Uno de los episodios más polémicos es la filtración de un audio atribuido a la presidenta interina, en el que relata supuestas amenazas directas de funcionarios estadounidenses contra altos cargos del gobierno venezolano. En la grabación, Rodríguez afirma que ella, Diosdado Cabello y Jorge Rodríguez habrían recibido un ultimátum de 15 minutos para cooperar con Washington, bajo la amenaza de ser asesinados. Además, se escucha decir que les comunicaron que Maduro “no estaba secuestrado, sino muerto”, lo que sugiere un escenario de extrema presión durante las horas posteriores a la operación militar.
A esto se suma una investigación periodística que señala contactos secretos previos entre los hermanos Rodríguez y representantes de Estados Unidos y Qatar, en los que habrían expresado disposición a colaborar tras la salida de Maduro del poder.

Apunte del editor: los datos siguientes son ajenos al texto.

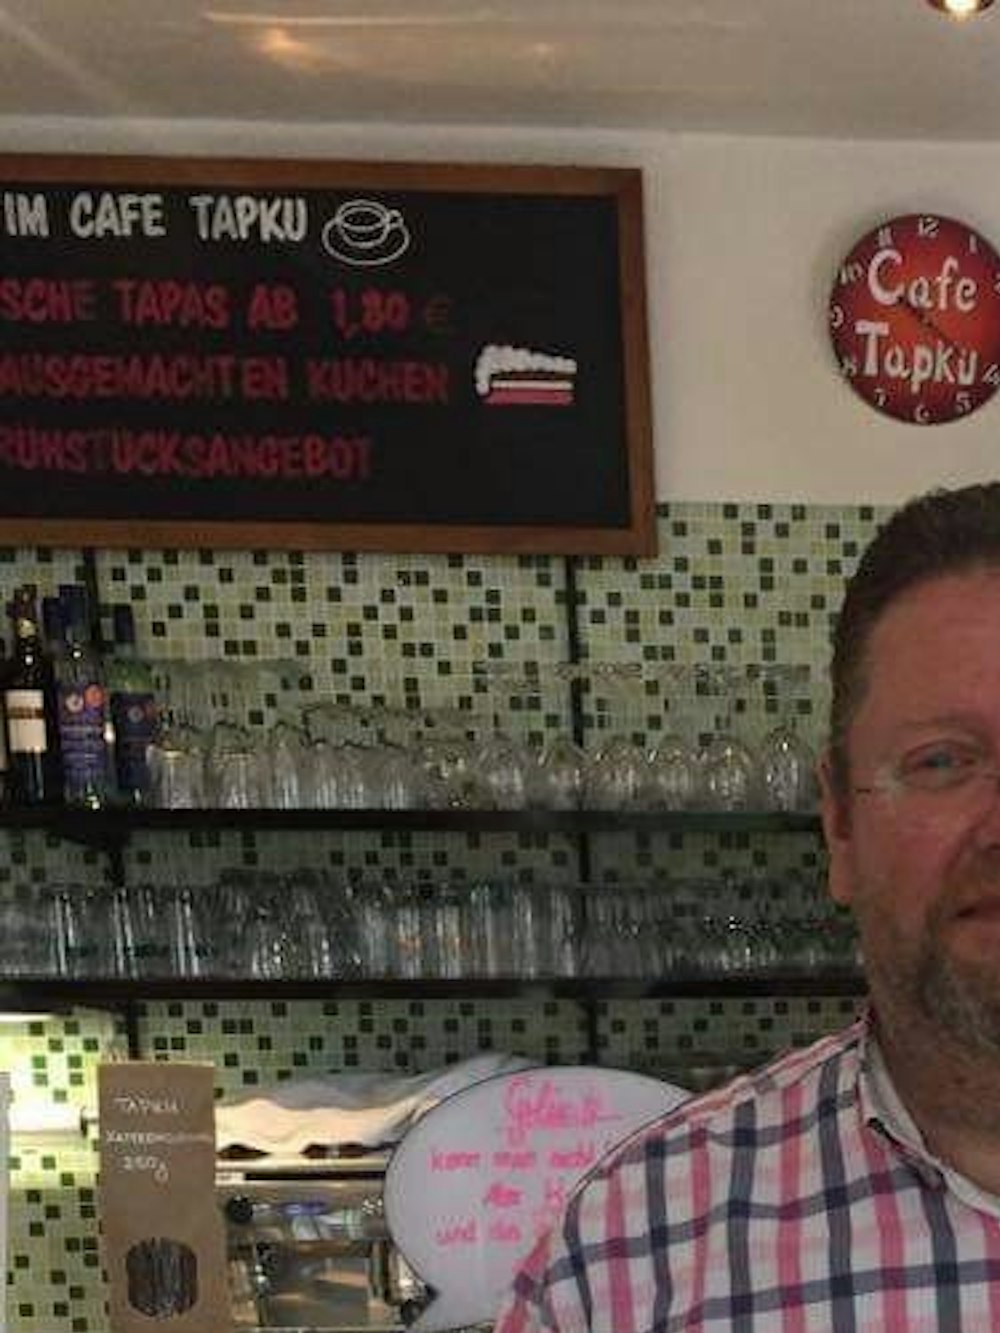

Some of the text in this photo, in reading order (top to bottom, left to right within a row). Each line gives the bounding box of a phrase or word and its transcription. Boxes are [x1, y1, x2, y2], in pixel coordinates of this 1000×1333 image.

[4, 192, 309, 243] IM CAFE TAPKU
[918, 217, 939, 238] 12
[118, 280, 227, 331] TAPAS
[247, 286, 297, 331] AB
[868, 249, 978, 312] Cafe
[855, 319, 978, 394] Tapku

De confirmarse, estos acercamientos revelarían una estrategia de supervivencia política dentro del chavismo, orientada a negociar posiciones en el nuevo equilibrio de poder.
Mientras tanto, Delcy Rodríguez intenta consolidarse como figura de estabilidad, promoviendo un proceso de diálogo con distintos sectores políticos y afirmando que no teme enfrentar las diferencias con Washington. Su gobierno interino busca legitimarse ante una población exhausta por la crisis económica y la incertidumbre institucional, al tiempo que intenta contener fracturas dentro del propio oficialismo.
La paradoja es evidente: un discurso de independencia nacional que convive con señales de dependencia estratégica. En este contexto, el futuro político de Venezuela parece definirse no solo en las mesas de diálogo internas, sino también en negociaciones discretas con actores internacionales que, para bien o para mal, siguen influyendo de forma determinante en el rumbo del país.